When exactly does he abdicate, though? I feel like that's a factor when it comes to the micromanaging. If he leaves it until very late in the game, future FW2 has already become friends with all the people who'll influence him to keep Heinrich out once Fritz dies in rl. If, otoh, he abdicates while future FW2 is still a teenager (just legally adult), then Heinrich has a good shot at being first minister, and I bet he won't be micromanaged. Though he might have fun telling Fritz he could show up once a year for the annual spring review if he absolutely wants to contribute...
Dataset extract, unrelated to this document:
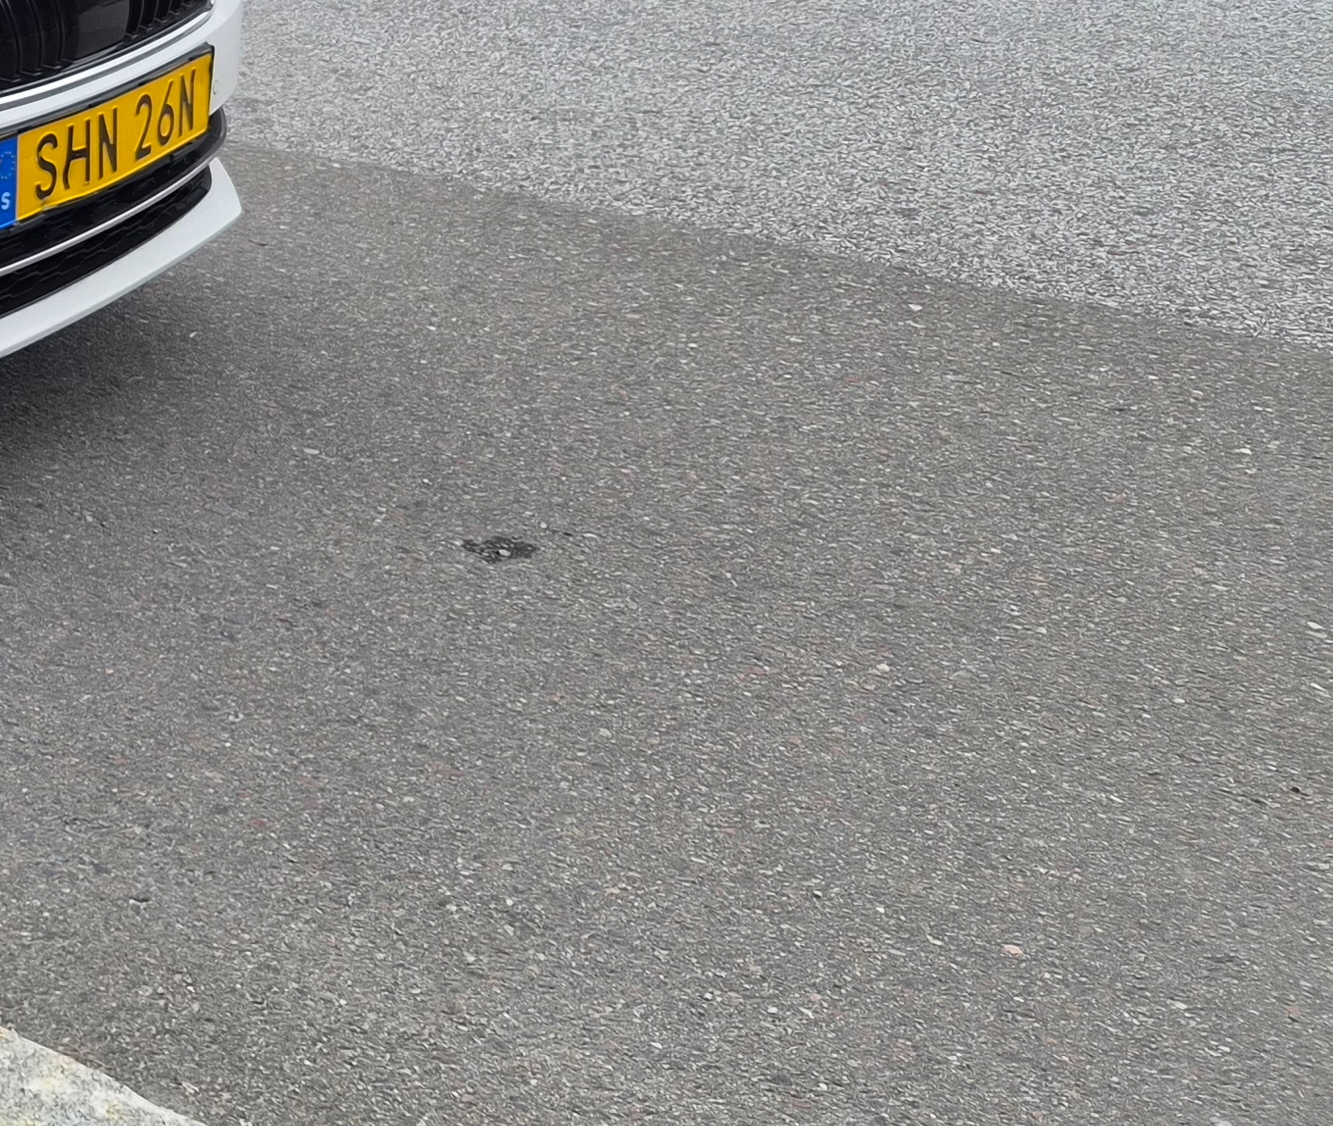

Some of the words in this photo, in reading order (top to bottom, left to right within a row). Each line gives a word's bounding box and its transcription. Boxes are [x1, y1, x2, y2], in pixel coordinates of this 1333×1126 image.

[34, 106, 119, 201] SHN
[134, 67, 197, 162] 26N
[0, 191, 11, 211] S
Re: Philip "the Frog" V of Spain
Date: 2022-11-19 02:13 am (UTC)Hahaha! To be fair, the other surefire remedy was war--Philip was at his best when he was in an army camp or throwing himself into the middle of a battle and freaking out all his supporters. To quote Horowski:
The birth of the French king's son had catapulted him not only out of his position as direct heir to France, but also back into the depression that a successful war against Morocco had only briefly interrupted. For months the king lay on his bed with a finger in his open mouth, not allowing himself to be shaved or his shirts changed, and refusing to speak, saying he was dead. It was with great difficulty that they were finally able to get him to talk again, but that was of little help because he now didn't want to speak to anyone except his valet, to whom he then (still wearing only a nightshirt) explained his rights to the French throne for hours. However, as soon as he received the news from Poland [of August II's death and the impending war over the Polish succession], Philip V jumped out of bed to have his long beard shaved, as if nothing had happened. He promptly fell back into his hyperactivity mode.
When exactly does he abdicate, though? I feel like that's a factor when it comes to the micromanaging.
Hmm. Well, I feel like it would be fun watching him try anyway. :P
Though he might have fun telling Fritz he could show up once a year for the annual spring review if he absolutely wants to contribute...
See! It would be fun! :D
Re: Philip "the Frog" V of Spain
Date: 2022-11-19 05:42 am (UTC)I... yeah, I want this :P
And I would also take FW abdicating, although I don't really see what would cause him to do that?
Re: Philip "the Frog" V of Spain
Date: 2022-11-19 08:14 am (UTC)Mind you, there's also the story from Wilhelmine's memoirs that FW shortly before the first Dresden trip had a particularly strong attack of pietism and considered retiring to live a godly life at Wusterhausen, with his daughters managing his household, while Fritz took over government. He talked about it with some pastors, but this idea didn't last, and at any event evidently hanging out with August the Strong later that year cured him of any remnants of it.